Elevator Pitch Story of Terry’s Tips

Terry Allen started the Terry’s Tips in 2001 as an educational newsletter  where various options strategies were tested in real time with real dollars. As many as eight portfolios were simultaneously carried out, each one in a separate brokerage account and paying full commissions. Subscribers saw every trade in every portfolio, and could follow one or more of the strategies in their own accounts, either on their own or through an auto-trade service offered by several brokers where all the portfolio trades were duplicated in their own accounts.

Over the years, many of these strategies enjoyed consistent gains for long stretches of time, only to see them all disappear in one disastrous day or week.  One strategy, however, seemed to out-perform all the other strategies over the long run.  We had dubbed it the 10K Strategy (because it was neither a sprint or a marathon, but something in between).

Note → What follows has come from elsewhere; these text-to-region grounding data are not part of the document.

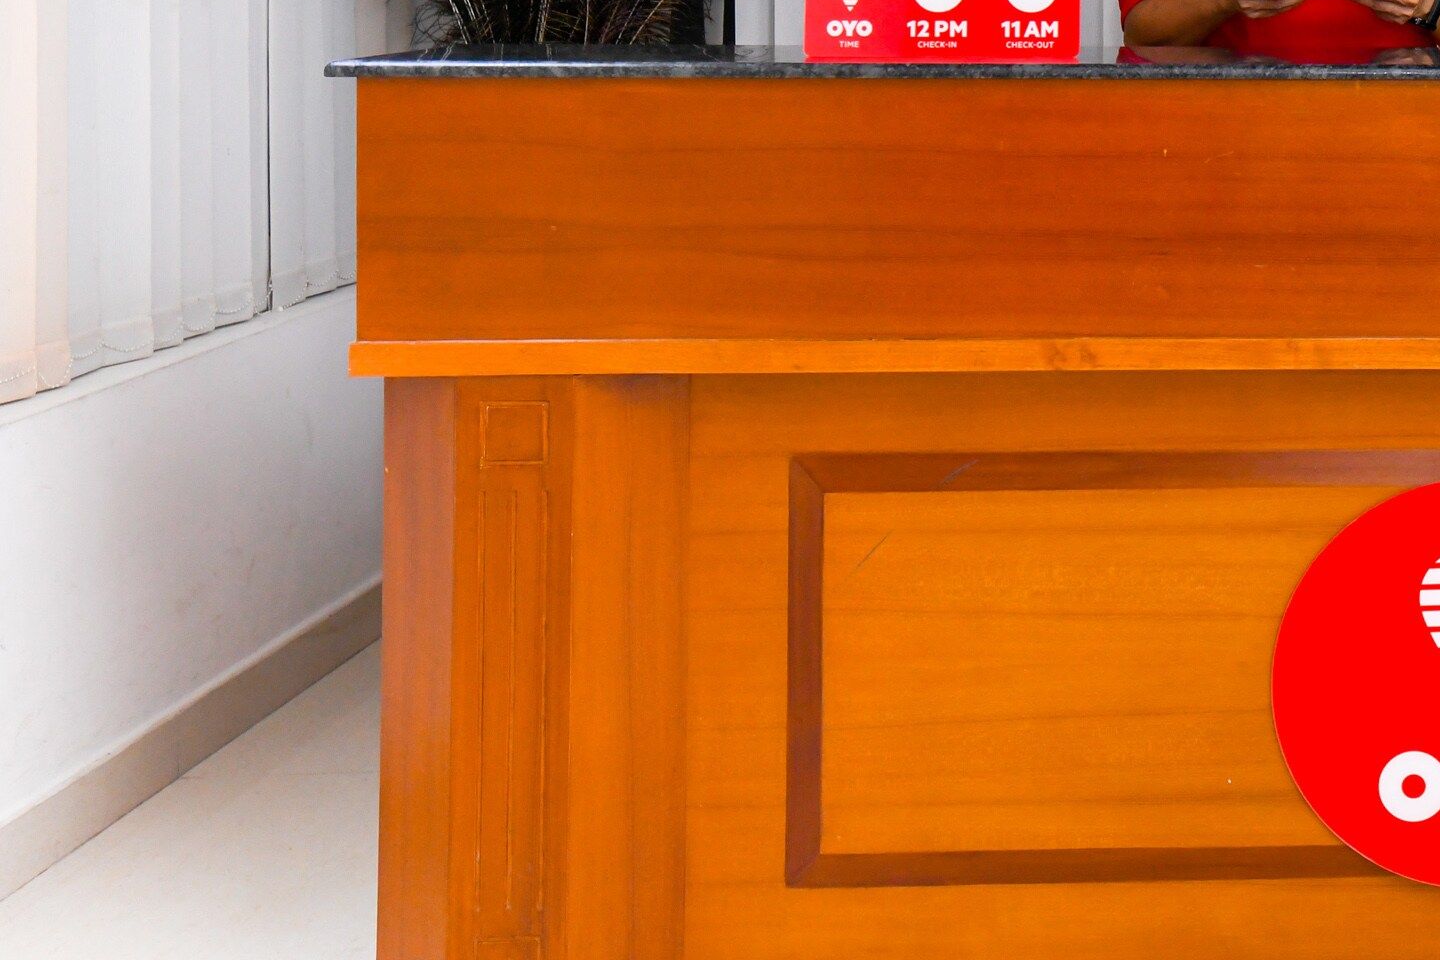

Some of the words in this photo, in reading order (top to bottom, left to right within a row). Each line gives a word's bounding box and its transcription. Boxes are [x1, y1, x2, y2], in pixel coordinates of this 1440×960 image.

[826, 20, 873, 38] OYO
[906, 20, 930, 38] 12
[934, 20, 968, 38] PM
[1001, 20, 1021, 38] 11
[1024, 20, 1059, 38] AM
[917, 41, 957, 49] CHECK-IN
[1005, 41, 1054, 49] CHECK-OUT
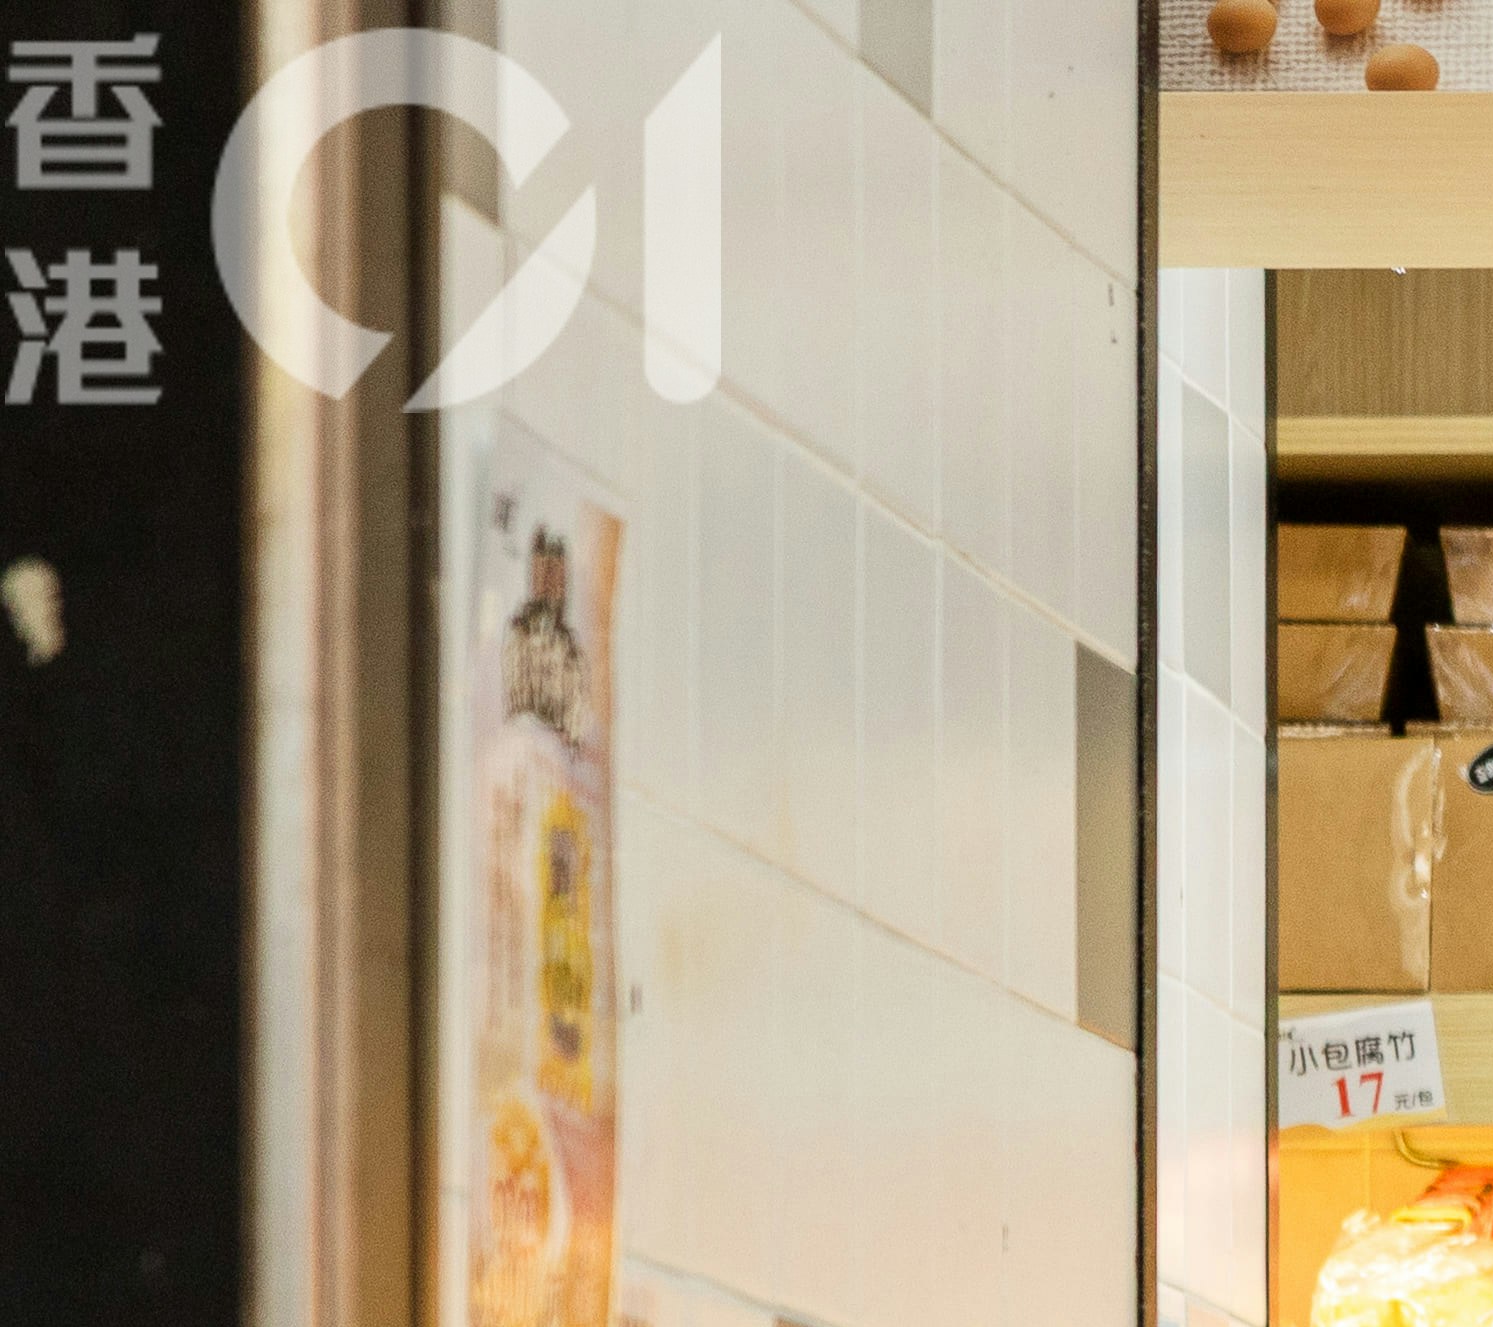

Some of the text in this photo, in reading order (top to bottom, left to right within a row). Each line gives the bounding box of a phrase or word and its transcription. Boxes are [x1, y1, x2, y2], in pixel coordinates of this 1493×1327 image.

[1290, 1031, 1416, 1077] 小包腐竹
[1332, 1071, 1385, 1118] 17

For the past five years ending through 2021, the 10K Strategy has notched average annual gains of over 60% in our actual portfolios after paying all the commissions.

For the first five months of 2022, extreme volatility came along (something that this strategy does not like), and we lowered our risk by retaining about half our portfolios in cash.  The market was down badly (S&P 500 off over 18%, the Nasdaq down 22%) but the composite 10K Strategy portfolios gained over 10% over these five months. This works out to a 20%+ gain based our amount at risk.

The 10K Strategy is sort of like writing calls, but on steroids.  Instead of buying stock and selling calls against your shares, we buy longer-term options (both puts and calls) which decay at a much slower rate than the shorter-term (usually weekly) options that we sell.  Since these longer-term options cost a fraction of what the stock would cost, the potential return on investment is considerably higher with this options strategy.

The key to the strategy is the difference between the decay rates of the long and short options.  The major challenge is managing risk by selecting strike prices both above and below the stock price, and balancing the risk profile of the positions on a daily basis.

Unlike owning stock, longer-term options are deteriorating assets, just like the shorter-term options that we sell.  Maintaining a comfortable risk profile requires nimble trading and balancing the positions essentially every working day or week. 

In short, it takes a lot of work. For this reason, most Terry’s Tips subscribers choose to select one or more of our portfolios (most based on ETF underlyings such as SPY, IWM, QQQ) and sign up for an auto-trade service to have all these trades automatically be made in their accounts. 

A broker you have probably not heard of, Tradier, coupled with a Toronto-based broker called Global AutoTrade, performs this auto-trade service for a flat commission fee of only $10 per month for our subscribers, saving them hundreds if not thousands of commission dollars each year.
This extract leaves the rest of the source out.